### Description of the task
Pictures do not belong in your copy. Repeat all the other data exactly.

|---|

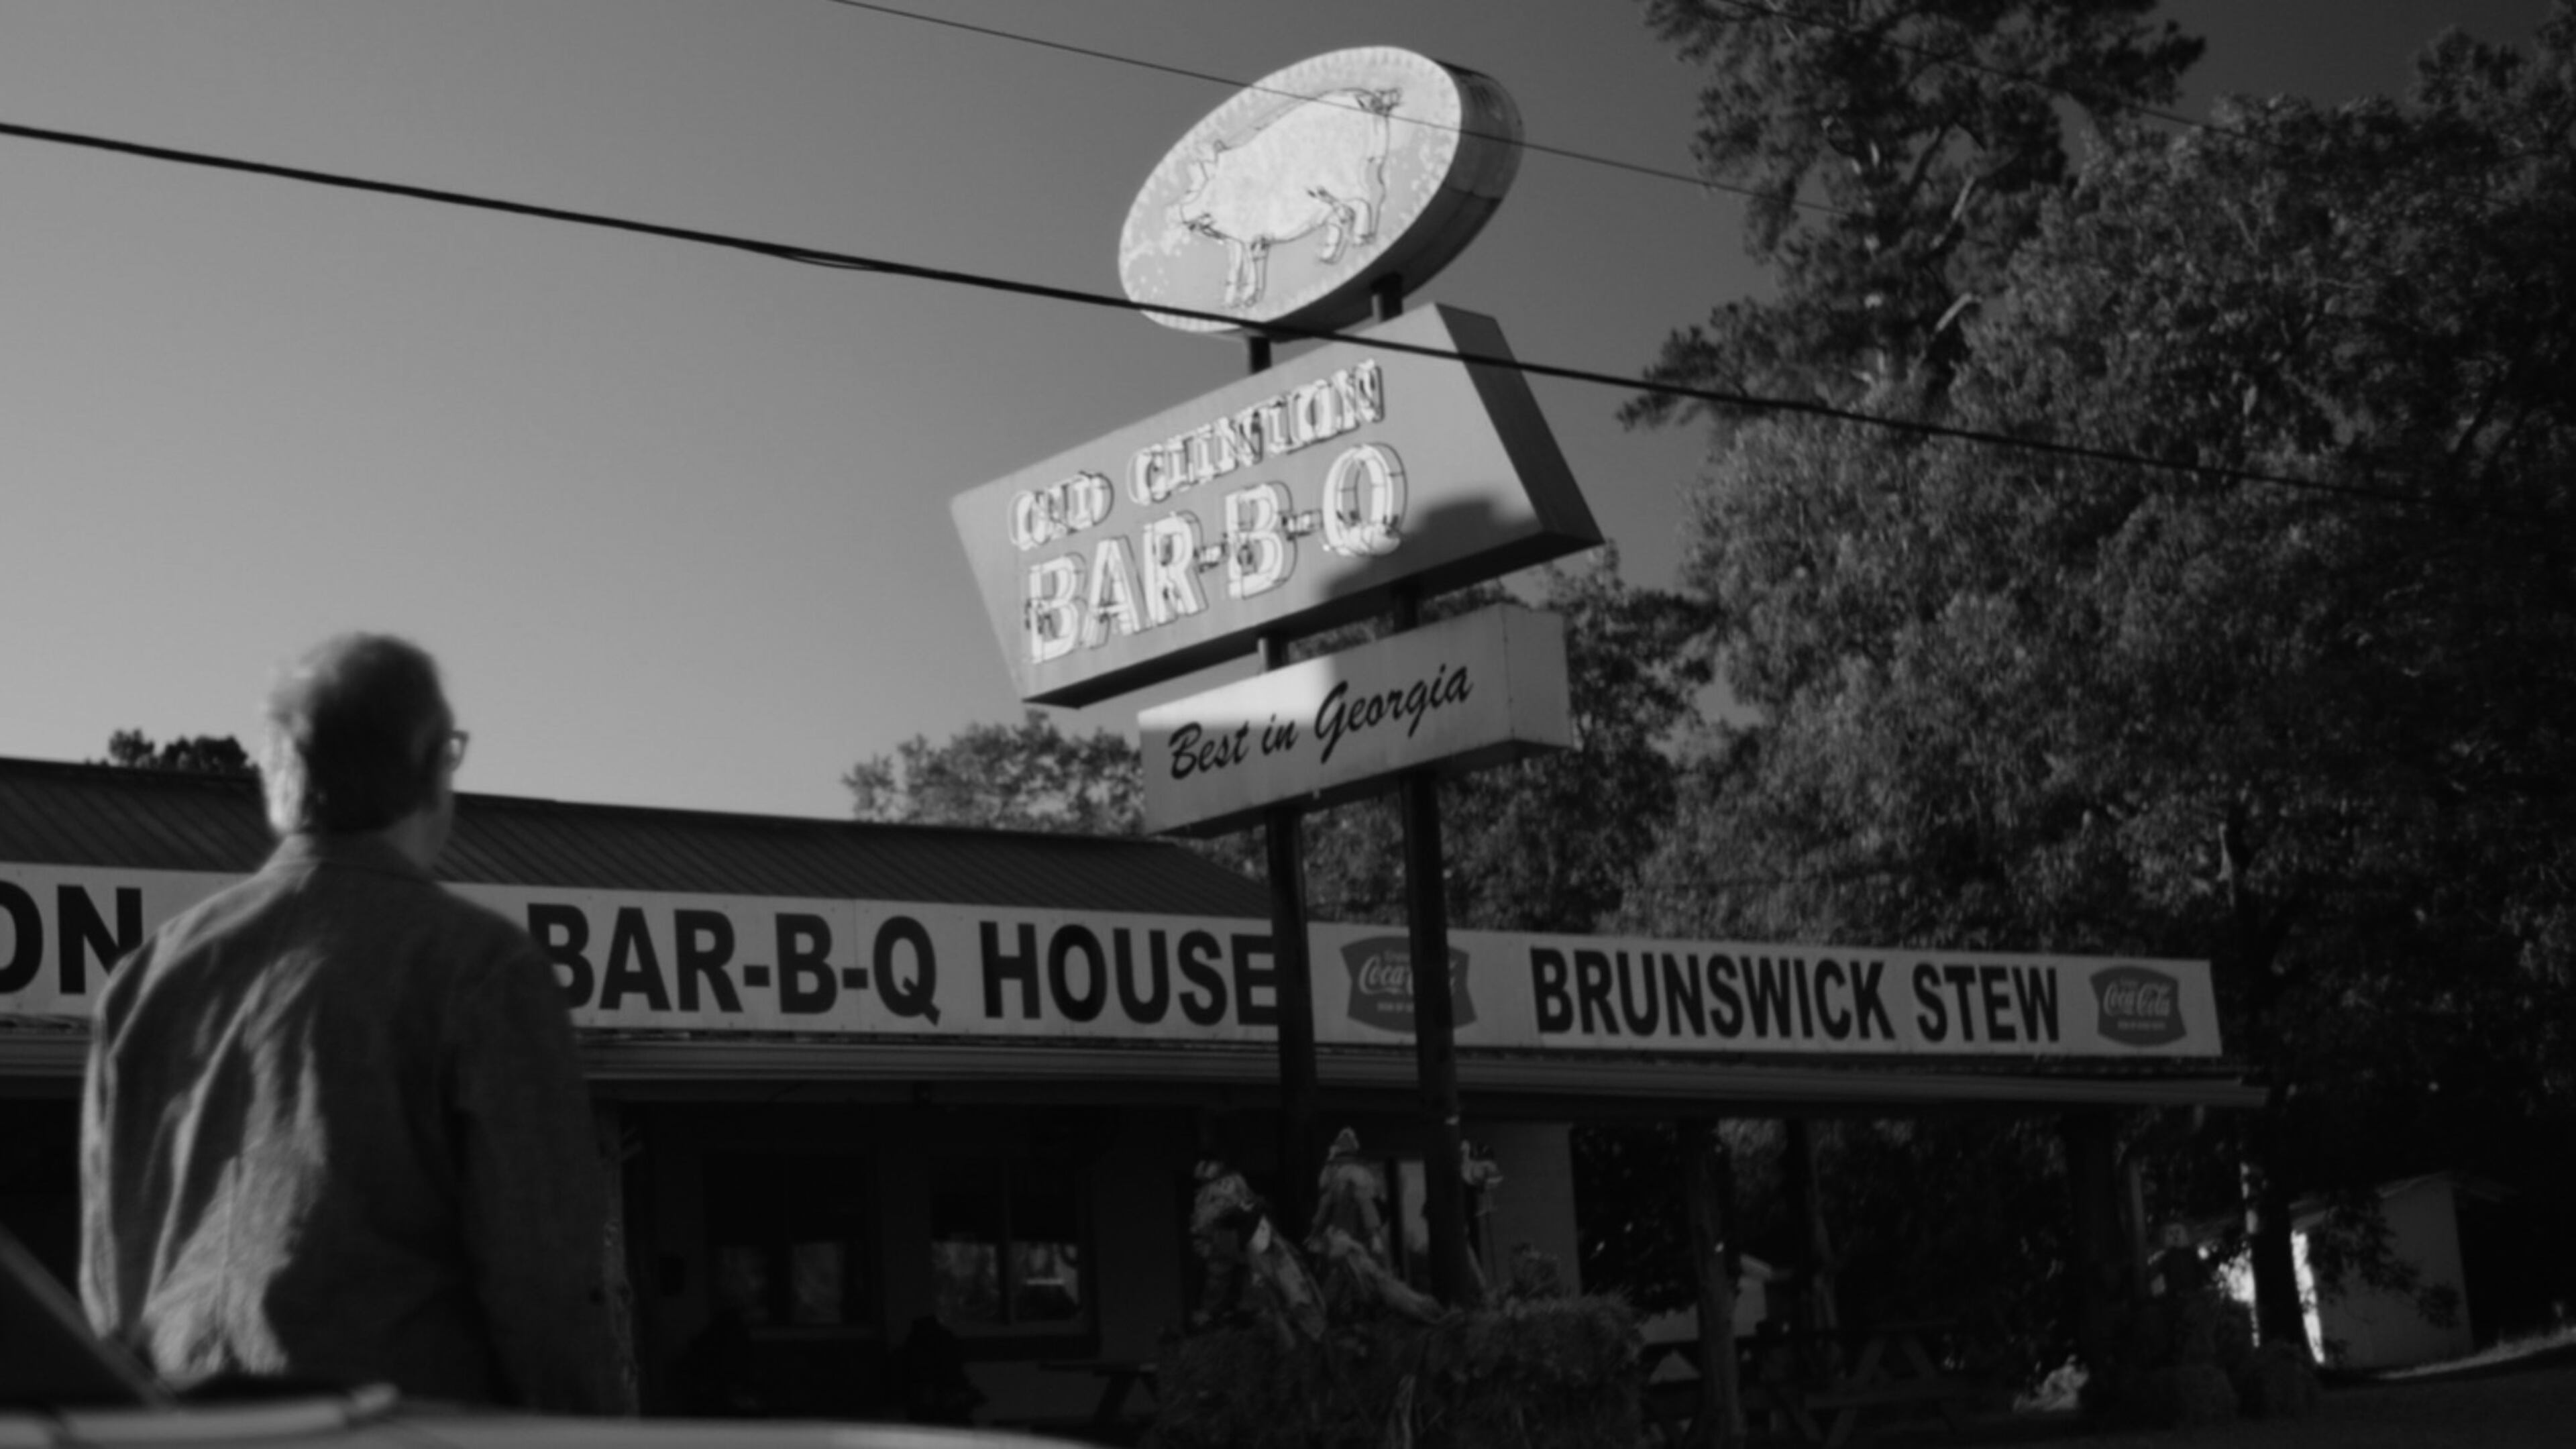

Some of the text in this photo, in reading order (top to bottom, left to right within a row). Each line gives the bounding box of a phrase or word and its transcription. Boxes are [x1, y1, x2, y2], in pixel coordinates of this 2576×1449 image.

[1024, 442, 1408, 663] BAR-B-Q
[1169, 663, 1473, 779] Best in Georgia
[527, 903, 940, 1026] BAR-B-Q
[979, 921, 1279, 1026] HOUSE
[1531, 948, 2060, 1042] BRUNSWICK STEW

|---|

### Exercise answer
Some of the text in this photo, in reading order (top to bottom, left to right within a row). Each line gives the bounding box of a phrase or word and its transcription. Boxes are [x1, y1, x2, y2], in pixel coordinates of this 2576×1449 image.

[1024, 442, 1408, 663] BAR-B-Q
[1169, 663, 1473, 779] Best in Georgia
[527, 903, 940, 1026] BAR-B-Q
[979, 921, 1279, 1026] HOUSE
[1531, 948, 2060, 1042] BRUNSWICK STEW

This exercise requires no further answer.